Lo tsunami ha spazzato via anche le fusa di Hello Kitty

Mentre su Facebook si celebrano i funerali di Hello Kitty, con immagini della dolce gattina made in Japan impiccata a una corda o peggio ancora, a New York impressiona una mostra di pittura, scultura, foto, video e installazioni della Japan Society intitolata «Bye bye Kitty!!!» (fino al 12 giugno), dove 17 giovani artisti giapponesi espongono la propria visione del mondo post-Fukushima. Una visione angosciosa, che non a caso comincia dalla fine di tutte le smielate gattinerie create ad arte, nel ’74, dall’azienda giapponese Sanrio grazie al marketing incentrato sul noto personaggio. Dai biglietti augurali agli assorbenti, non si contano i gadget col marchio della micetta dal fiocco rosso sull’orecchio sinistro (sostituito, a volte, da un fiore a cinque petali) e priva di bocca per suscitare più tenerezza (ma nelle animazioni, a volte mostra una boccuccia).
Che sia l’ora di dire basta a quanto dev’essere carino per forza è evidente. La devastazione causata dallo tsunami ha infatti costretto la quasi totalità dei creativi a prendere le distanze dalla spensierata cultura pop degli ultimi decenni, come dimostrano le più recenti apparizioni di manga e anime su scenari di morte e solitudine. Così lo spirito kawaii, come in giapponese si chiama la tenerezza del cuore, unito a una forsennata ricerca estetica del carezzevole, è morto soffocato sotto la nube radioattiva.
Naturalmente, nessuno poteva immaginare che «Bye bye Kitty!!!» fosse allestita in contemporanea col disastro epocale di Fukushima, però colpisce lo Spirito del Tempo in una foto di Yoshitomo Nara, che mette due gattine Hello Kitty a guardia d’una tomba: la sua. Makota Aida, invece, vola alto con le sue Harakiri Girls, le classiche adolescenti di Tokyo con l’aria da Lolita, gonne corte e calzini, dalle quali promana l’ansia tipica di chi non ha futuro, ma gioca per disperazione. E seppellisce la subcultura giap Takashi Murakami, con i suoi gnomi funerari. Non va diversamente dalle parti dei manga, con la figura messianica di Ken, il sopravvissuto (oltre 100 milioni di copie vendute) o l’Akira di Katsubiro Otono, pronto a riesumare gli incubi del dopo-Hiroshima. Il sisma, insomma, ha influenzato ogni prodotto culturale: dai lungometraggi ai Pokemon, dalle anime ai manga: con Hello Kitty muore anche l’ottimismo della speranza.
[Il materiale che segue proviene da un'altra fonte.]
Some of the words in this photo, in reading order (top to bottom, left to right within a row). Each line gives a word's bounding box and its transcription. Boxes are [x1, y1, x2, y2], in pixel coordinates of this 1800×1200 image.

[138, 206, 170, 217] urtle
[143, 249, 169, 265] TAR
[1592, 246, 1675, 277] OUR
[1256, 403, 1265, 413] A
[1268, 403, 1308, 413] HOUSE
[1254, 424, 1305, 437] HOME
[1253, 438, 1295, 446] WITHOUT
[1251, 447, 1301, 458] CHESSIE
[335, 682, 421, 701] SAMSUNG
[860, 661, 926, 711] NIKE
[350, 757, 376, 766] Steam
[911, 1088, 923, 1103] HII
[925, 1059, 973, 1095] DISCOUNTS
La subcultura infantile che si è fatta strada in Giappone, soprattutto dagli anni ’80, quando occorreva dimostrare al mondo come battere l’America in due mosse, affonda le radici nel trauma post-atomico. Parlando al Congresso Usa, nel ’51, il generale Douglas MacArthur (1880-1964), comandante supremo delle Forze Alleate in Giappone, e riferendo le impressioni suscitategli dai giapponesi, disse: «Diciamo che trovo gli anglosassoni maturi: quoto la loro età mentale sui 45 anni e ciò vale anche per i tedeschi. I giapponesi, invece, nonostante la loro antica cultura, mi sembrano fermi a uno stadio scolastico. Misurando con gli standard della nostra civilizzazione, li quoterei sui 12 anni». Parole di piombo, soprattutto se ricordiamo il nome della bomba atomica, che ridusse a un deserto quel «regno dell’immaturità»: «Little Boy».
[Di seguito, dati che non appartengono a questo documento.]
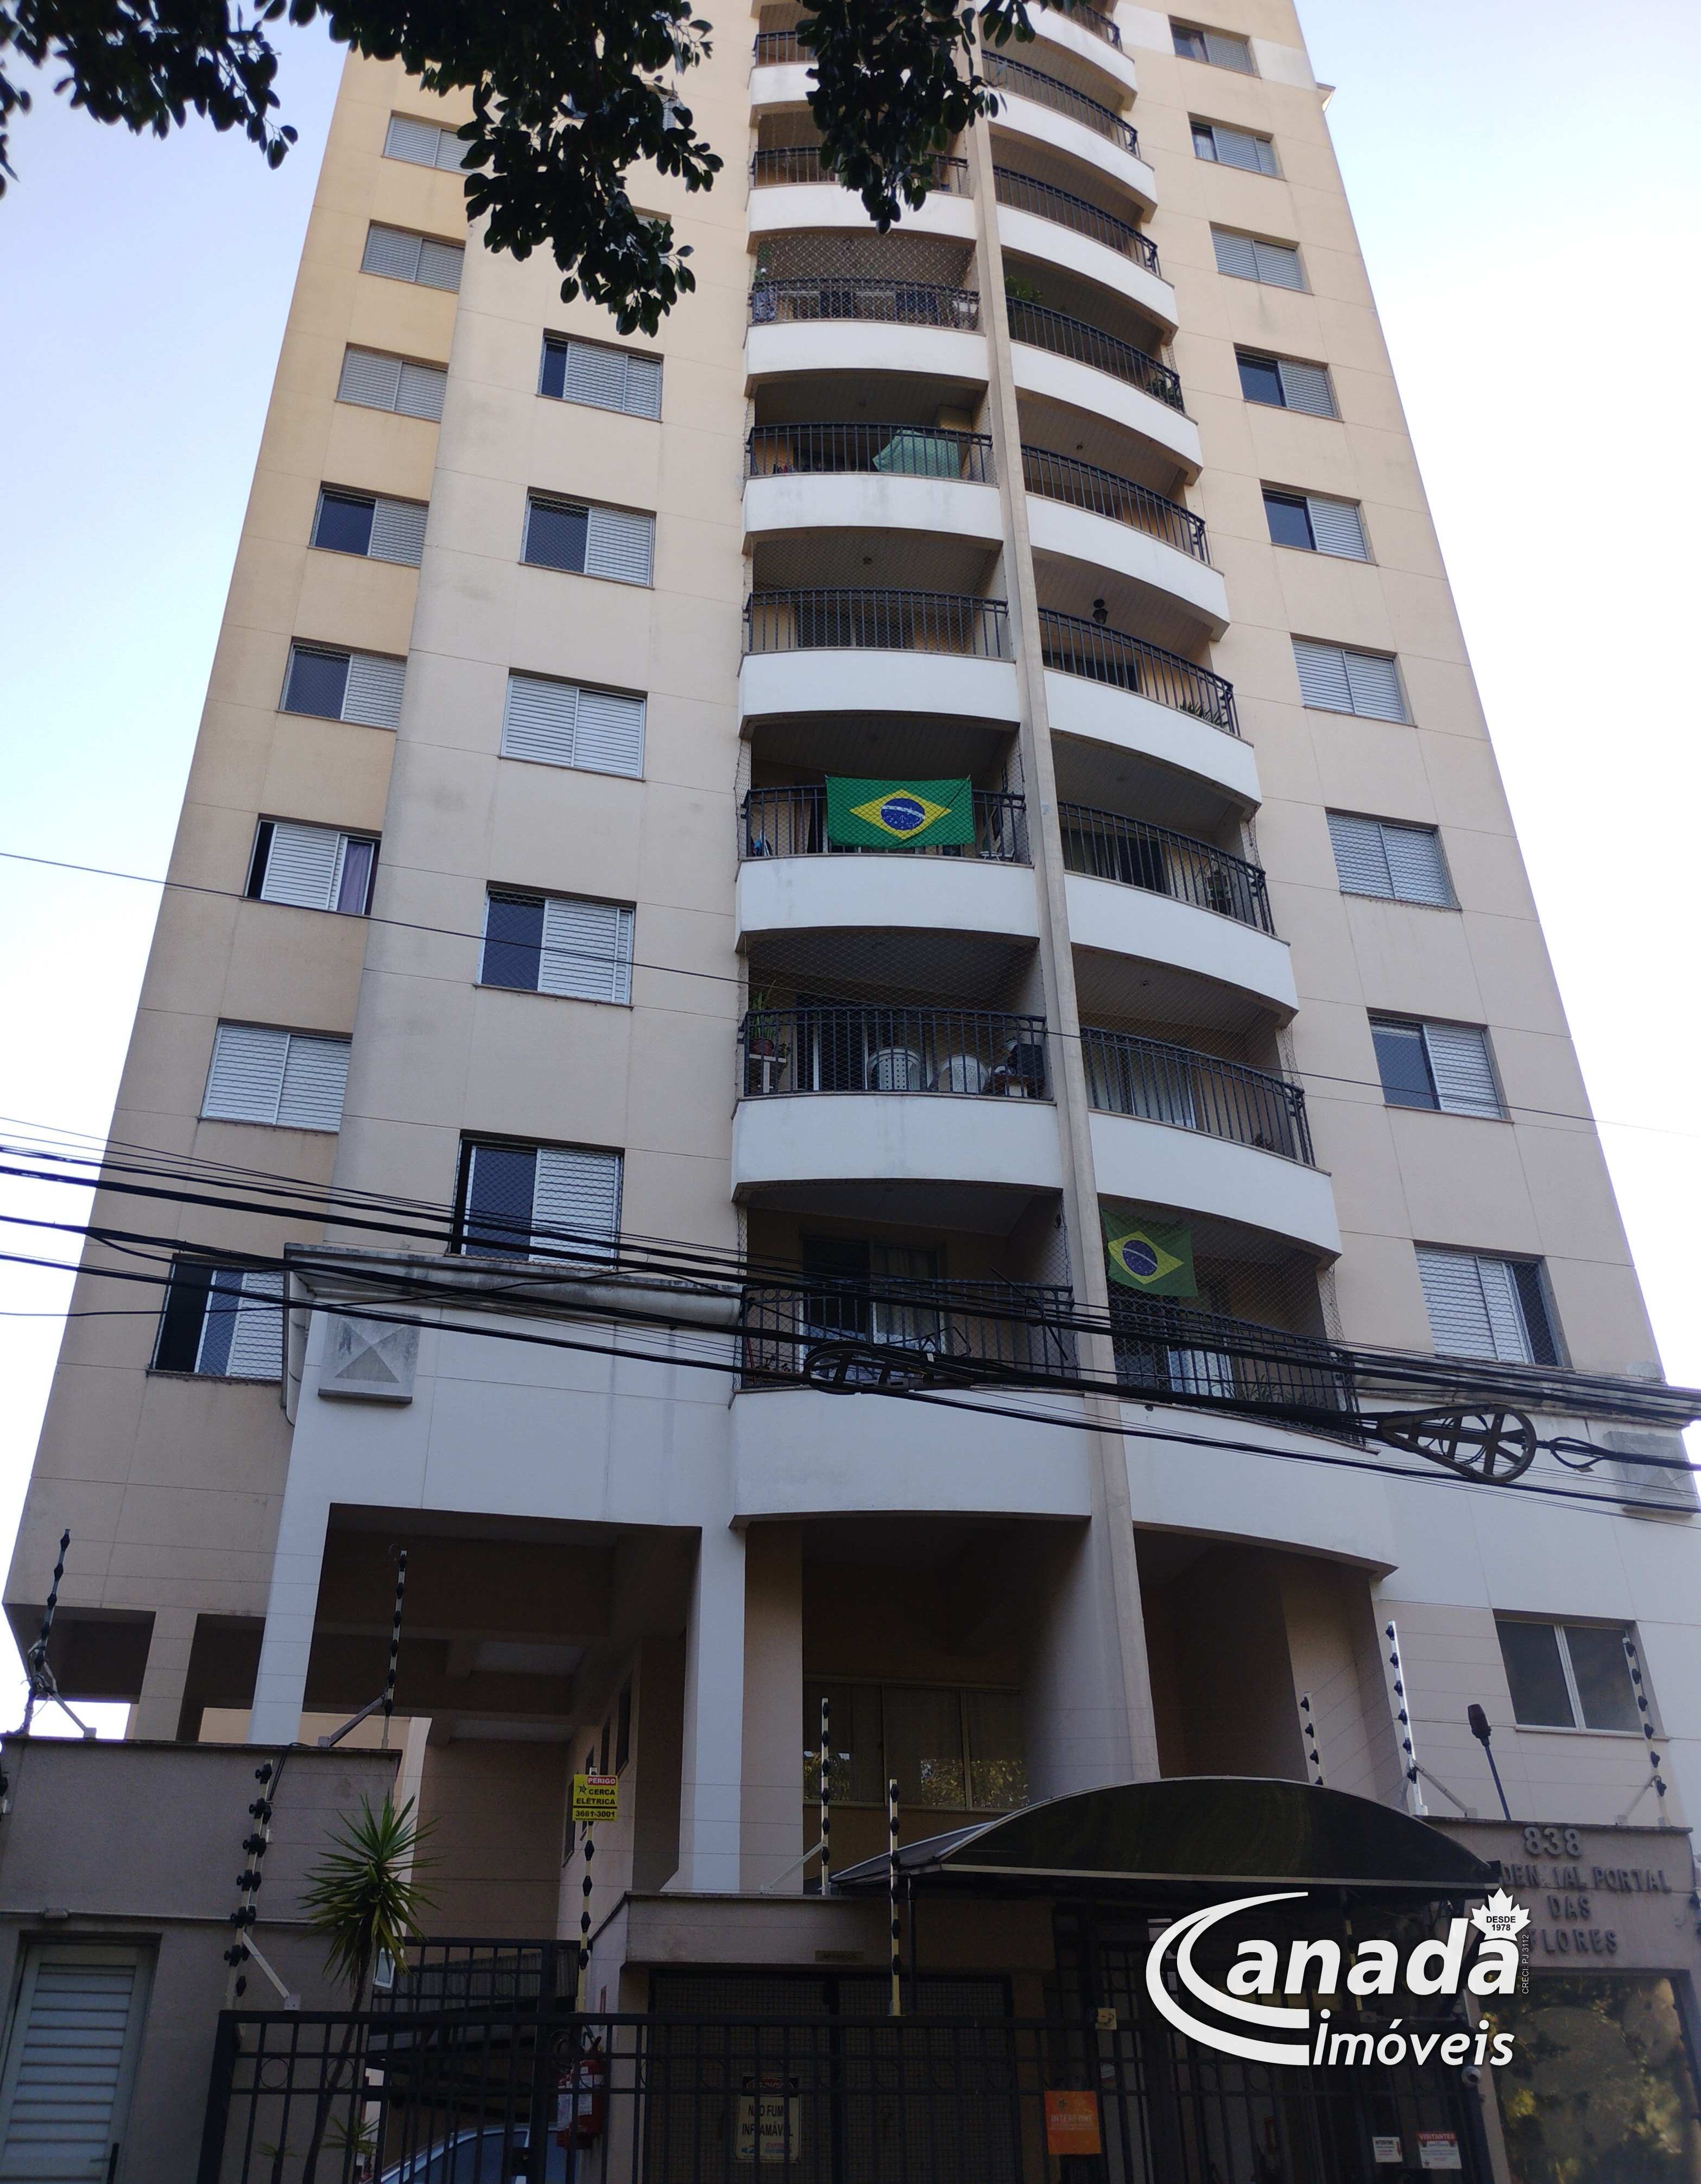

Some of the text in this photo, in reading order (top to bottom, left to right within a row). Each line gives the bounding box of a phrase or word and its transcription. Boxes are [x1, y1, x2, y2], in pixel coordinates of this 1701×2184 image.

[1523, 1827, 1584, 1857] 838
[1592, 1866, 1672, 1892] PORTAL
[1547, 1893, 1592, 1921] DAS
[1526, 1928, 1619, 1955] FLORES
[748, 2104, 787, 2117] NO FUM
[742, 2120, 793, 2136] INFAMÁVL
Eppure, per parlare alle masse, lo schema giocosamente infantile del Giappone moderno - quello che spregia le geishe, né conosce i diari della colta etera Murasaki Shikibu - finora è risultato vincente, sul mercato.

Ma adesso, col mercato fermo e milioni di morti da seppellire? Intanto gli artisti contemporanei dichiarano sepolte le pulsioni naïf di un Paese forte e idealista, che guardava al mondo con gli occhi spalancati di Hello Kitty. Poi si vedrà.